The Port of Seattle Police department is one of the six member agencies that compose the regional Valley SWAT team.  Valley SWAT Team is composed of members from the cities of Auburn, Federal Way, Kent, Renton, Tukwila and the Port of Seattle. The regional team was formed to counter the increasing occurrences of violent encounters within our region and the team’s mission is to provide resolution to high risk situations beyond the safe ability of police patrol assets. The Team’s normal missions include high risk warrant service, dignitary protection, armed barricade suspect resolution and hostage rescue.
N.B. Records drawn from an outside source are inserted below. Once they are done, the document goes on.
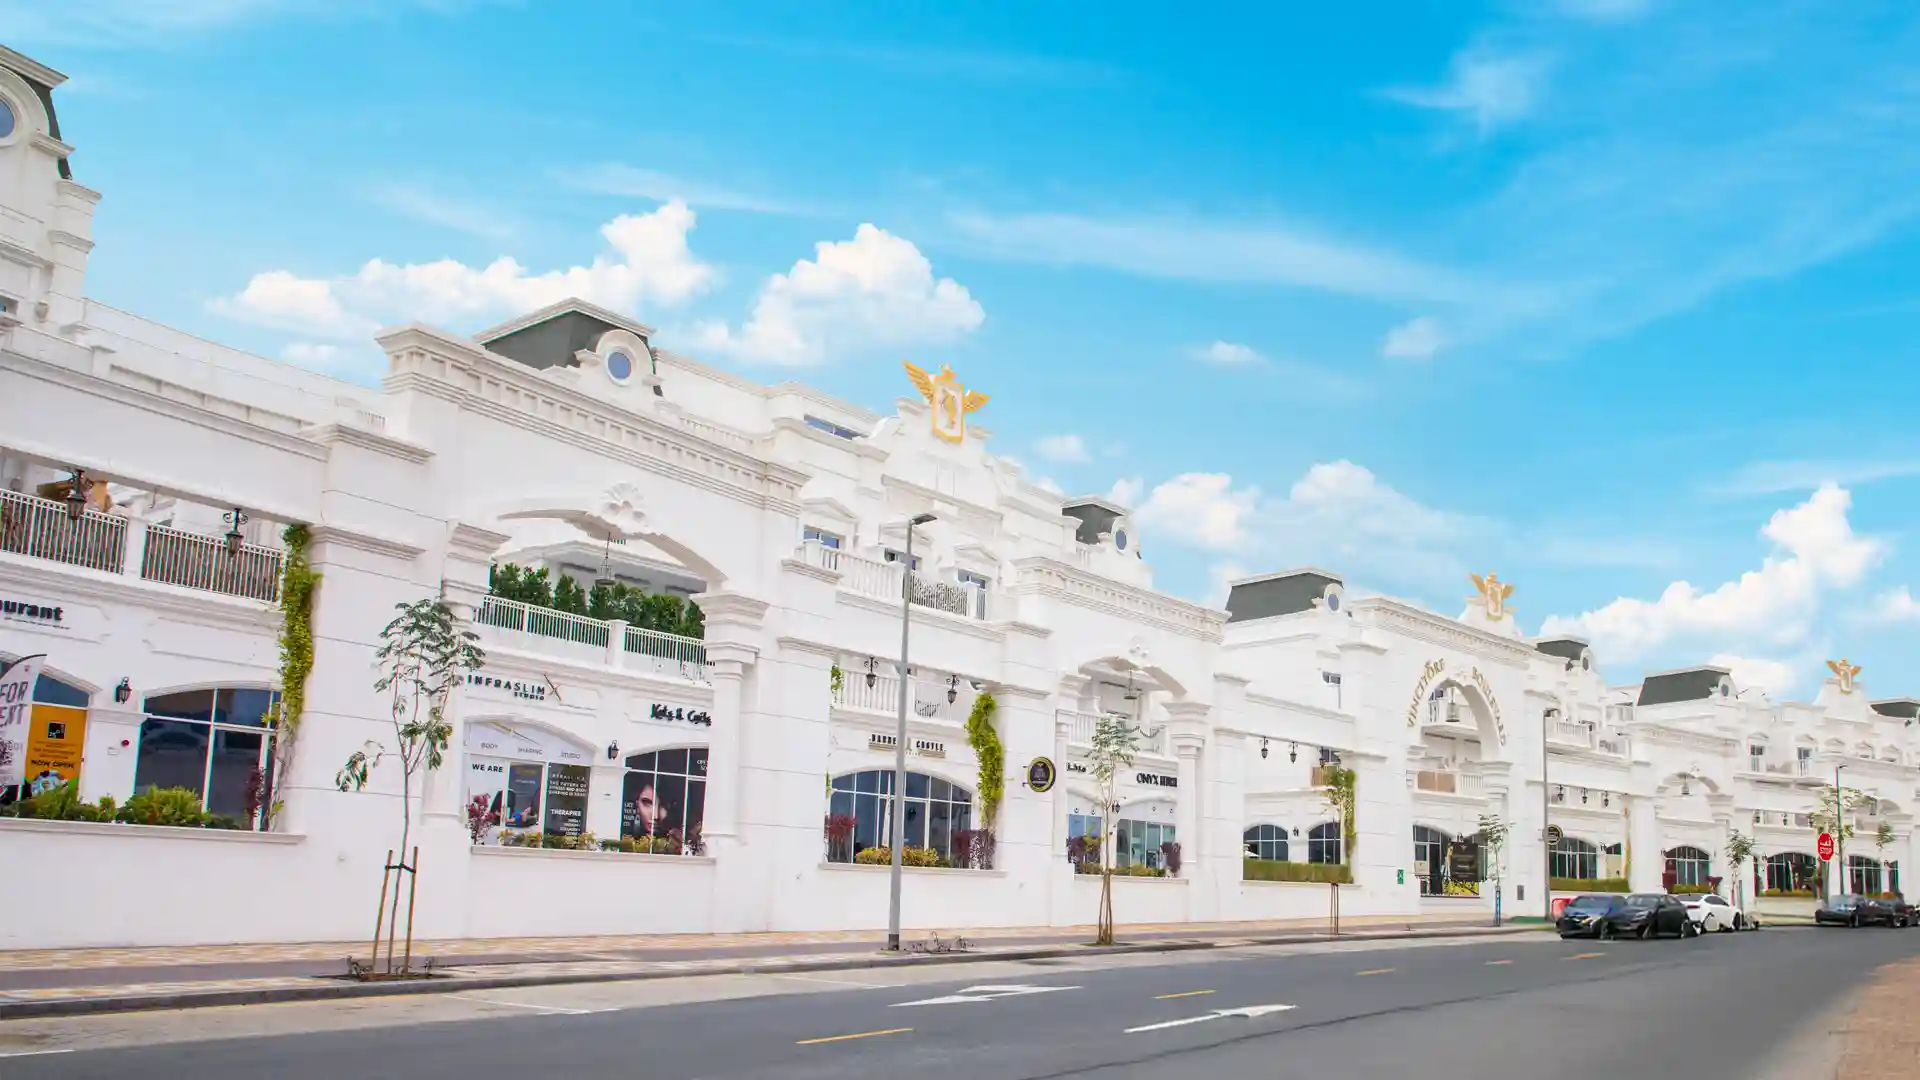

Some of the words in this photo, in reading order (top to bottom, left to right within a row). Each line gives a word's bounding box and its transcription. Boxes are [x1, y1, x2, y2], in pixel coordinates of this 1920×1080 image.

[0, 600, 63, 621] urant
[467, 674, 545, 695] INFRASLIM
[514, 692, 545, 701] STUDIO
[675, 707, 684, 721] &
[871, 734, 897, 745] BARBE
[916, 740, 944, 752] CASTLE
[472, 763, 485, 771] WE
[487, 765, 503, 773] ARE
[1136, 772, 1159, 785] ONYX
Valley SWAT is the largest tactical team within the State of Washington with 36 operators and 6 commanders. The team’s large number of highly trained and well equipped officers allows them to respond safely and effectively to many potentially volatile situations.
The Port of Seattle Police SWAT Team and Valley SWAT are very active in the Washington State Tactical Officer’s Association and the National Tactical Officers Association. Specifically, WSTOA’s vice president and the Director of Operations are Port of Seattle SWAT team members and members sit on the NTOA’s National Standards Review committee ( and National Technology Working Group (

Crisis Negotiations Unit (CNU) 

​The members of this specialized unit are trained to analyze conflict situations and determine the best route to resolve incidents safely. Trained to defuse highly stressed individuals, they negotiate and resolve volatile situations such as hostage taking, hijacking and potential suicides.

Valley Crisis Communication Unit

The CNU officers are also members of a joint Valley Crisis Communication Unit. Comprised of negotiators from Auburn, Renton, Tukwila, Kent and Federal Way Police Departments, this unit is available to assist any member department when multiple negotiators are needed. The merging of teams also provides for great training, more equipment, and allows for a variety of perspectives when critiquing recent incidents.
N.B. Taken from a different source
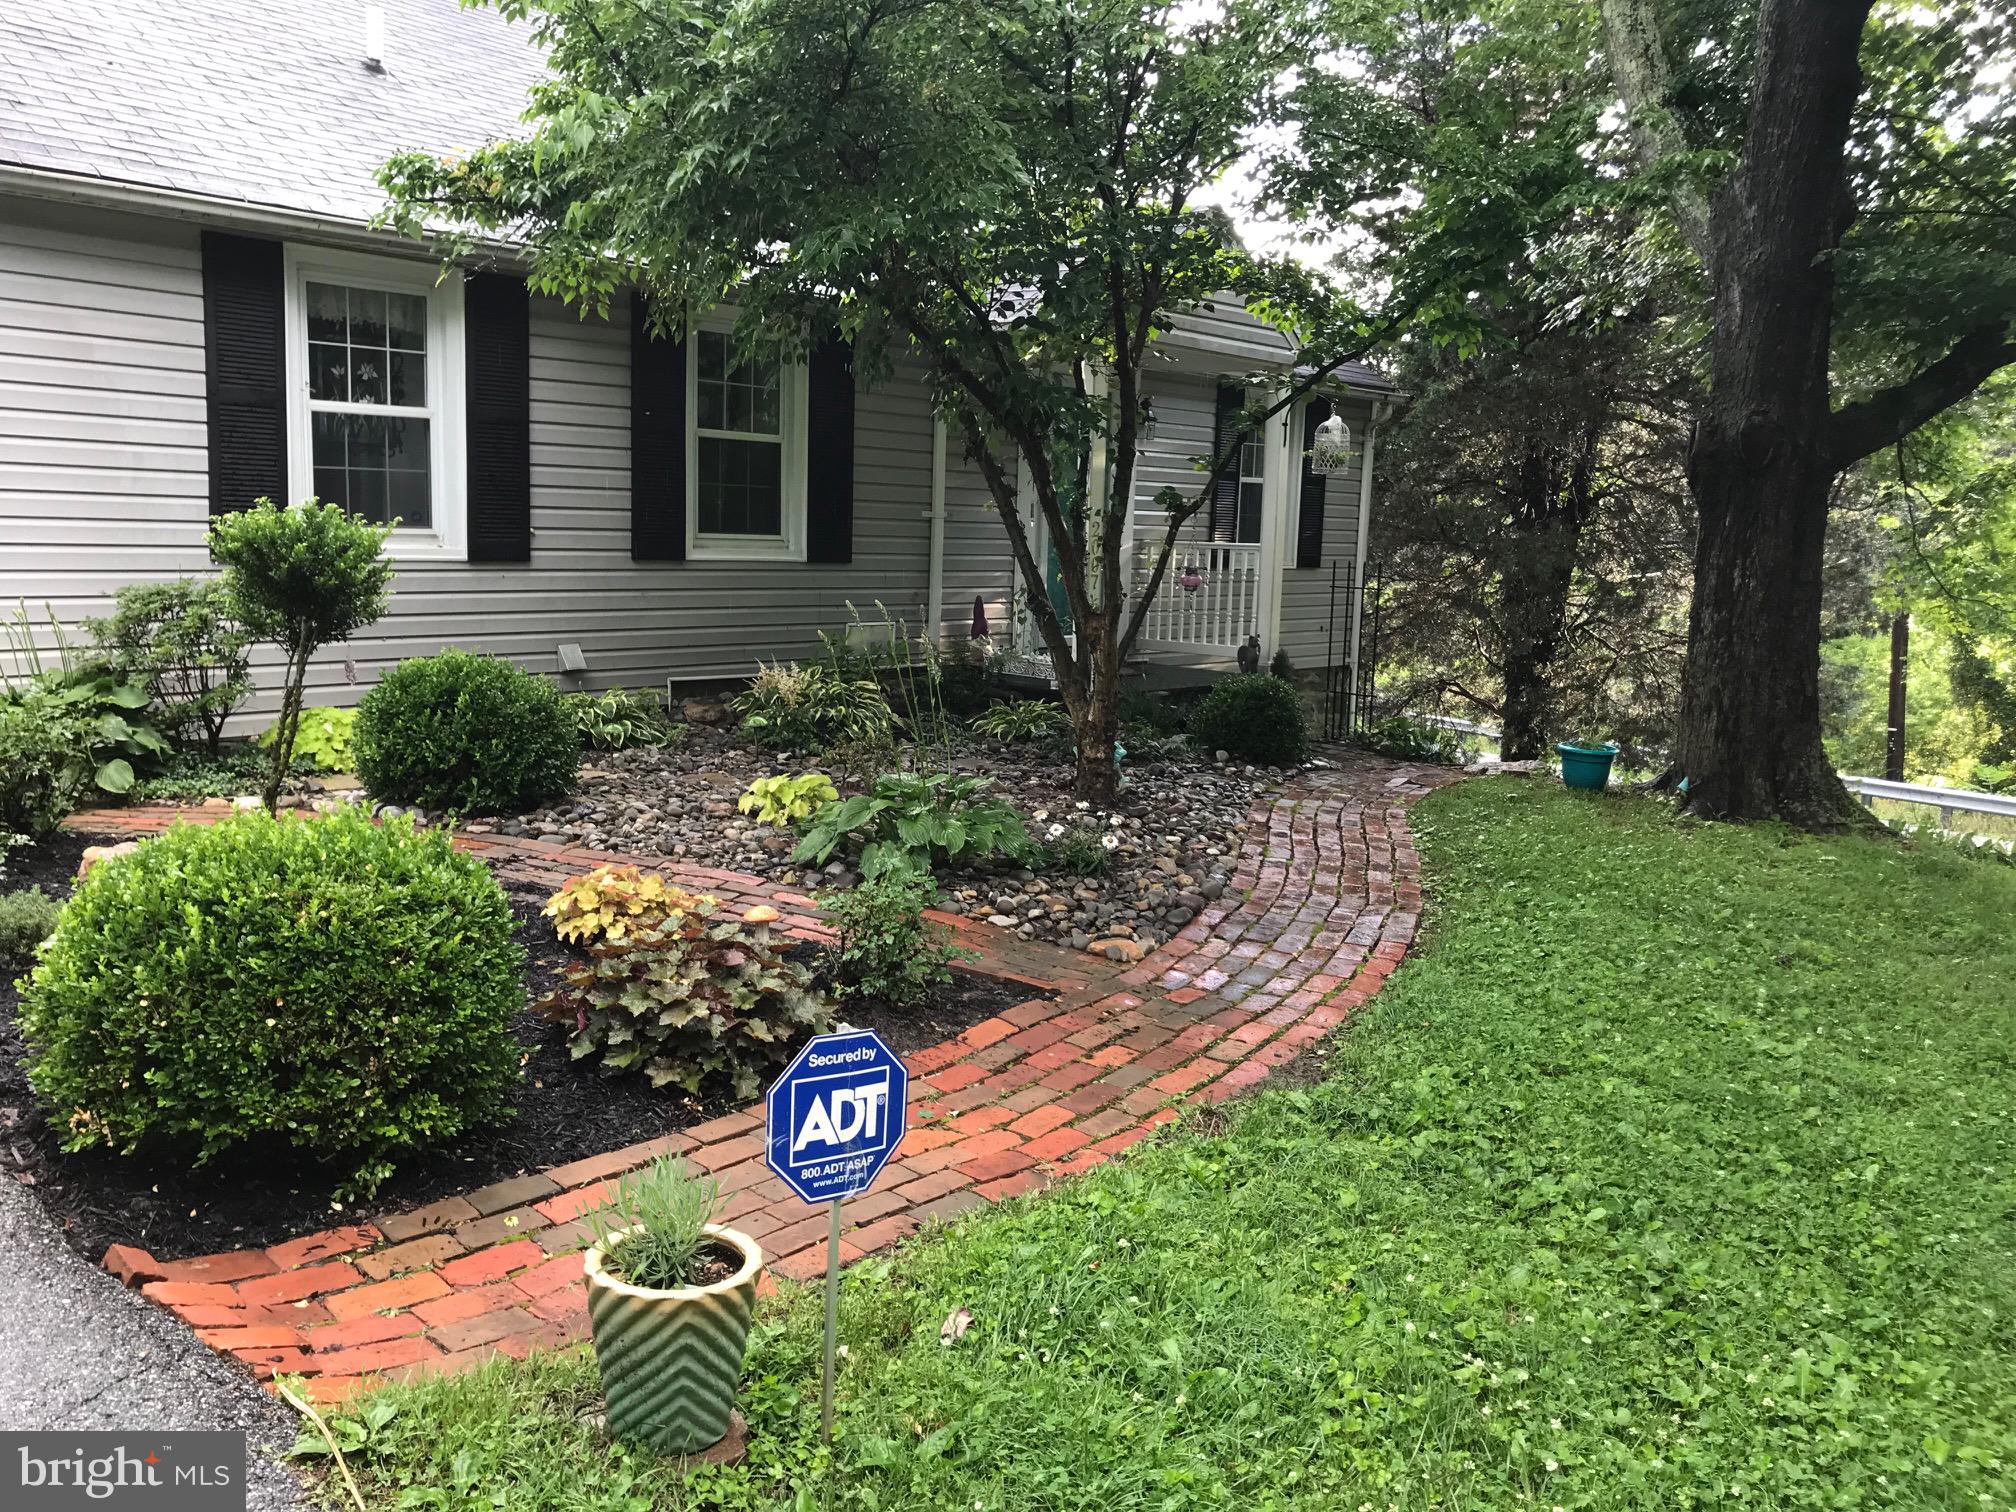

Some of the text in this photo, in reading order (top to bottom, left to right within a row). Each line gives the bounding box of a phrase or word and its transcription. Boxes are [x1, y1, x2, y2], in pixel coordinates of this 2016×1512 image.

[808, 1046, 877, 1068] Secured by
[793, 1081, 888, 1152] ADT
[813, 1172, 864, 1188] www.ADT.com
The unit's four members - one sergeant and three officers - are required to successfully complete a 40-hour basic hostage negotiation class before they can actively participate in any hostage, barricade, suicidal or other crisis situation.

Specialized Equipment

The most common tool utilized is hostage negotiation is the "throw" phone, which keeps communication between the suspect and negotiator only. The alternative is a "Hailer," a loud speaker used when a suspect is in an open or difficult to reach area.